On ne peut considérer l’extension de nos libertés, l’accroissement de nos efficacités, comme des méfaits. Mais faisons encore une fois appel à un grand philosophe, Platon, et à son « pharmakon ». Le « pharmakon » aurait deux sens opposés, soit il est un remède, soit il est un poison. Encore une fois, comme le dit le poète à propos de la poésie : de la mesure, de la mesure avant toute chose.
Introduction à la discussion.
On considère qu’il y a aujourd’hui environ huit-cent mille jeunes désocialisés, c’est-à-dire passant la plupart de leur temps dans des mondes virtuels et ignorant le concret autour d’eux et les relations sociales réelles. Il y aurait dès lors un constat évident d’aliénation et d’isolement. Mais n’y avait-il pas plusieurs millions d’alcooliques graves il y a un siècle ?
On pense que nous sommes sous contrôle permanent de différents pouvoirs à travers nos communications, nos réseaux sociaux, nos identifications géolocalisées. Devons nous craindre des interventions inopinées, des piratages, des indiscrétions excessives, des chantages, une perte de nos libertés, de notre liberté, liberté chérie ? Mais souvenons-nous des bourgs, des villages, des villes de province, chacun ne connaissait-il pas tout des autres, que machin a été vu avec machine, et qu’untel n’a pas payé ses dettes ou bien est un poivrot ?
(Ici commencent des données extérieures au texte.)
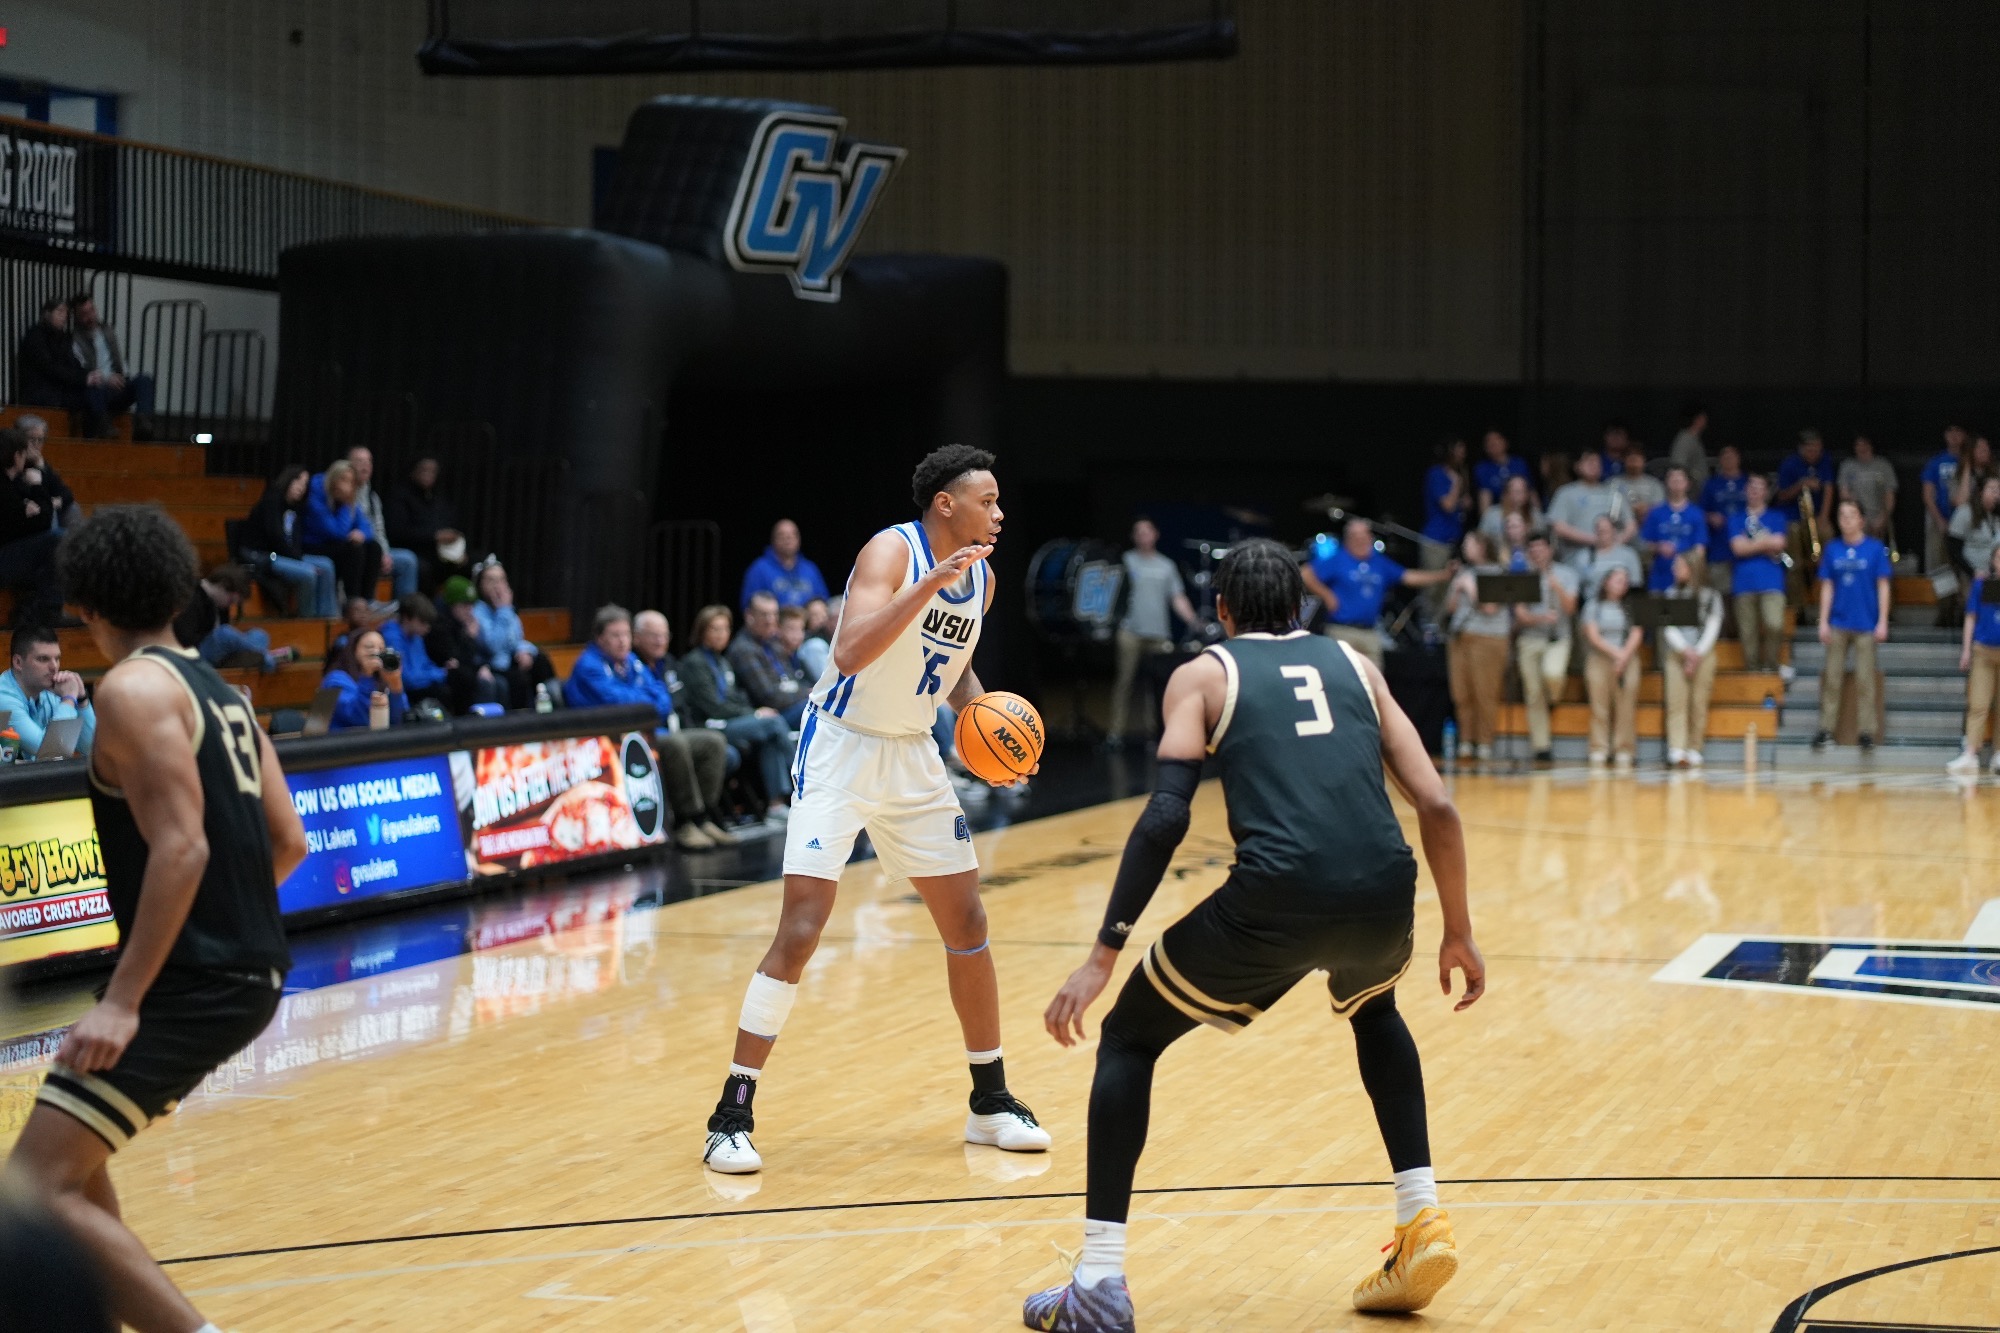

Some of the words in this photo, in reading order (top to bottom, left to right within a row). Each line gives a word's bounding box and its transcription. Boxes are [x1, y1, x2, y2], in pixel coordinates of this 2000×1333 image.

À ces dangers d’aliénation, d’isolement, de persécution, il y a cette réponse bien connue depuis des siècles : l’éducation. Une bonne éducation, c’est-à-dire une éducation adaptée à son temps, disons même au temps des enfants en devenir. Répétons encore une fois les préceptes de Montaigne, une tête bien faite plutôt que bien pleine, et un esprit sain dans un corps sain. Et Montaigne écrivait à la plume ! Il me semble donc que dès l’école, disons le primaire car le numérique est désormais immédiat dans la vie des enfants, on se doit d’enseigner la tempérance, la prudence, la constance et la justesse (tiens les vertus cardinales peuvent encore servir), c’est-à-dire qu’avant tout programme et toute initiation aux techniques, il convient de mettre en garde les jeunes sur les dangers certains et prouvés de l’activité numérique dans son ensemble, ordinateurs, téléphones et internet. Il reste un problème à résoudre : la formation permanente des enseignants, car sinon les élèves, déjà bien avancés en matière de numérique, risqueraient de devenir les professeurs de leurs maîtres. Et là, le monde marchant à l’envers risquerait fort de perdre la tête.